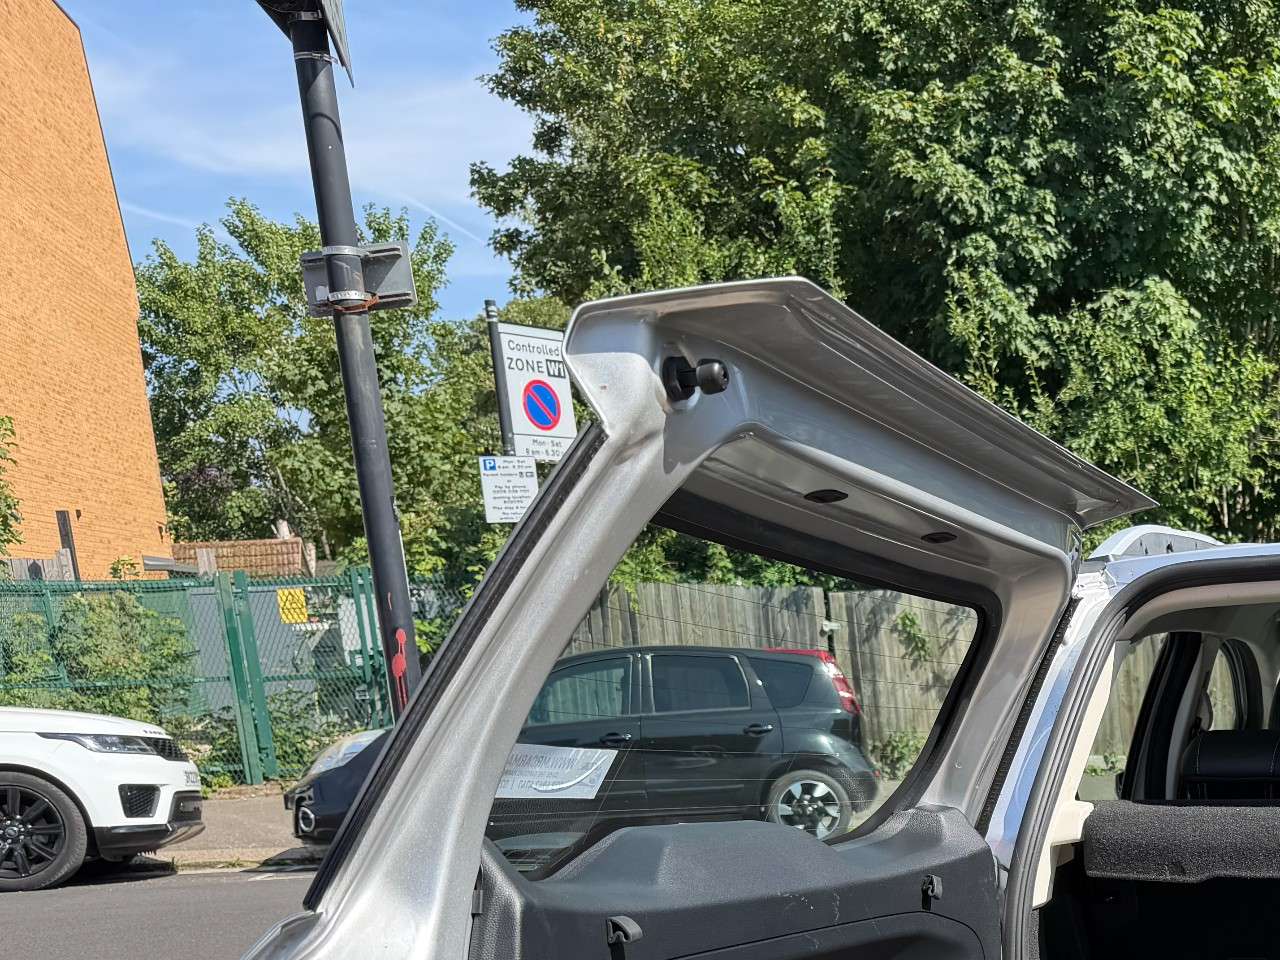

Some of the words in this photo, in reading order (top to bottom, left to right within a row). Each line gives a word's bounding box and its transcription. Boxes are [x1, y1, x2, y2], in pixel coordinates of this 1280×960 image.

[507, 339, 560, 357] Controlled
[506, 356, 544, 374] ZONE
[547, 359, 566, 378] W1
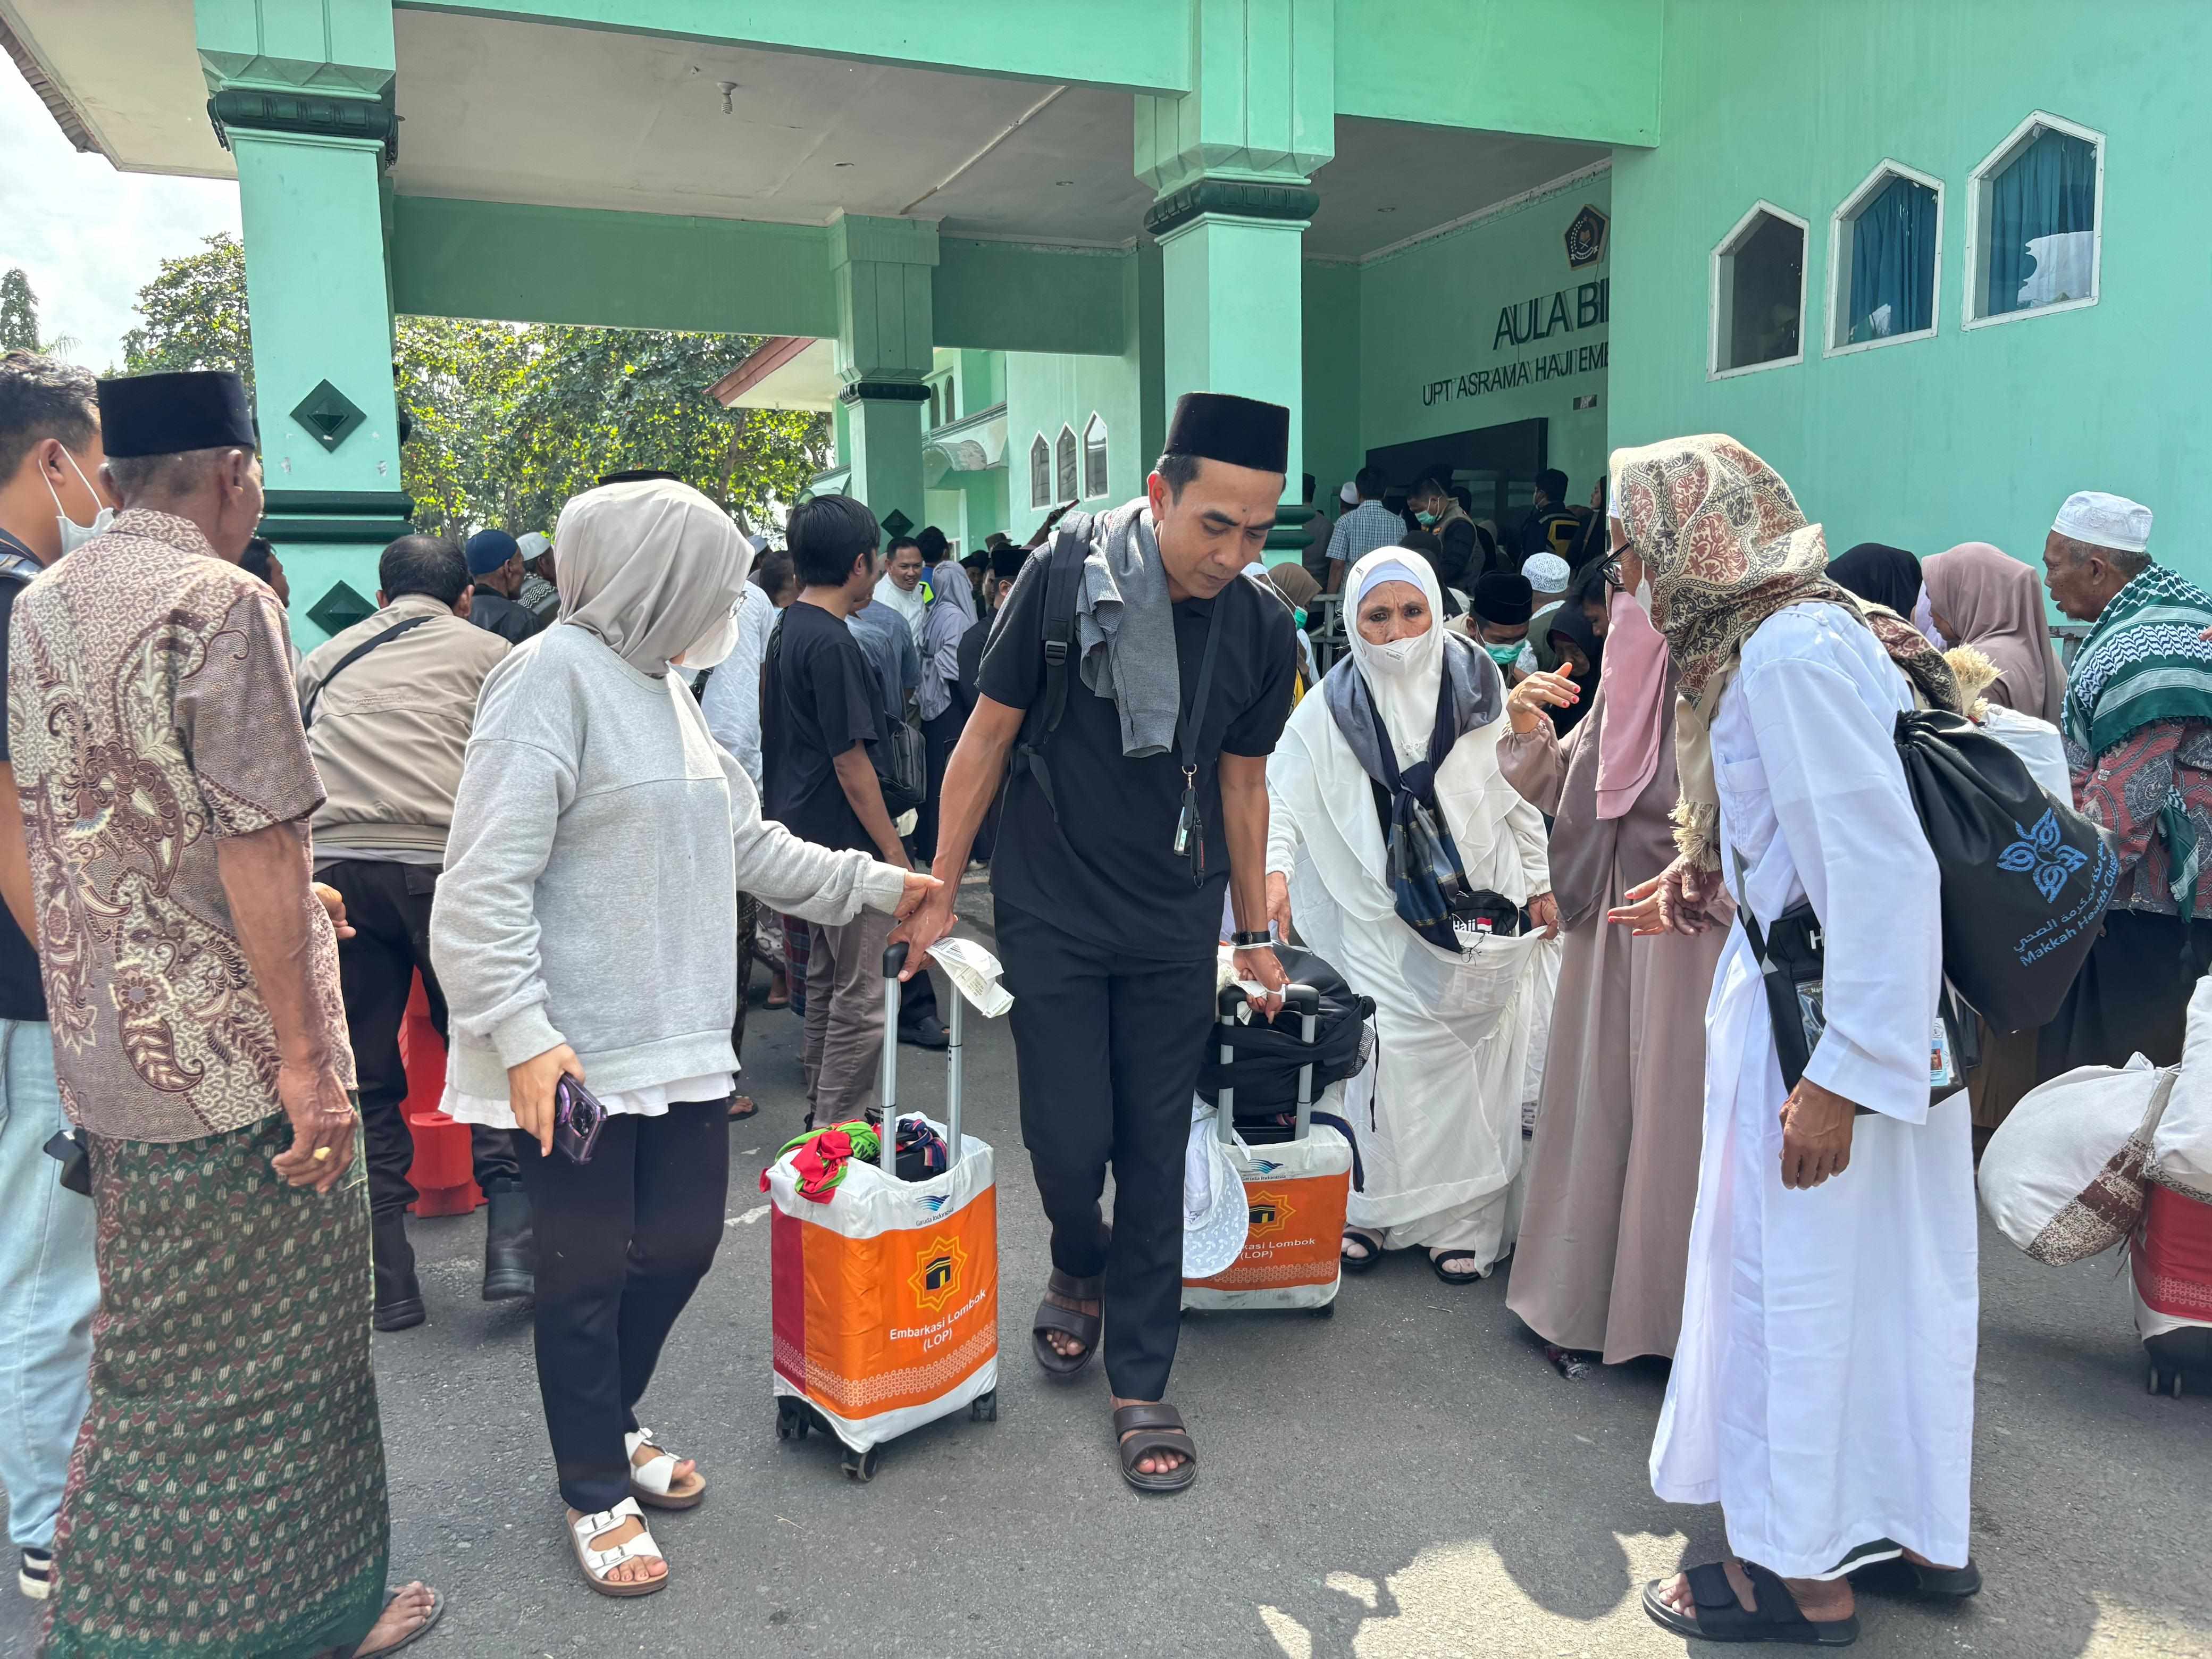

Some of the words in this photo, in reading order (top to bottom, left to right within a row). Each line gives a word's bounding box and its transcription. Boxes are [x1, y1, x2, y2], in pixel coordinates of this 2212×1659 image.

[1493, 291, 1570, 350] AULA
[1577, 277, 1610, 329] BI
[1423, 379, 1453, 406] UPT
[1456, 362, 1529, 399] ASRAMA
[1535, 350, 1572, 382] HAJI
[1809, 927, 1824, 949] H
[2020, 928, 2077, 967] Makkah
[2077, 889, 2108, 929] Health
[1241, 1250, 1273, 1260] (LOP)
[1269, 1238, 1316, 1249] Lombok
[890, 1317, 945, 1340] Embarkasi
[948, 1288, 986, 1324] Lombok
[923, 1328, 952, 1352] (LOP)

####################

* Task objective: Copy out all of the material exactly as written, without its pictures.

* Solved exercise:
Some of the words in this photo, in reading order (top to bottom, left to right within a row). Each line gives a word's bounding box and its transcription. Boxes are [x1, y1, x2, y2], in pixel coordinates of this 1280×960 image.

[507, 339, 560, 357] Controlled
[506, 356, 544, 374] ZONE
[547, 359, 566, 378] W1

Some of the words in this photo, in reading order (top to bottom, left to right within a row). Each line gives a word's bounding box and its transcription. Boxes are [x1, y1, x2, y2], in pixel coordinates of this 2212×1659 image.

[1493, 291, 1570, 350] AULA
[1577, 277, 1610, 329] BI
[1423, 379, 1453, 406] UPT
[1456, 362, 1529, 399] ASRAMA
[1535, 350, 1572, 382] HAJI
[1809, 927, 1824, 949] H
[2020, 928, 2077, 967] Makkah
[2077, 889, 2108, 929] Health
[1241, 1250, 1273, 1260] (LOP)
[1269, 1238, 1316, 1249] Lombok
[890, 1317, 945, 1340] Embarkasi
[948, 1288, 986, 1324] Lombok
[923, 1328, 952, 1352] (LOP)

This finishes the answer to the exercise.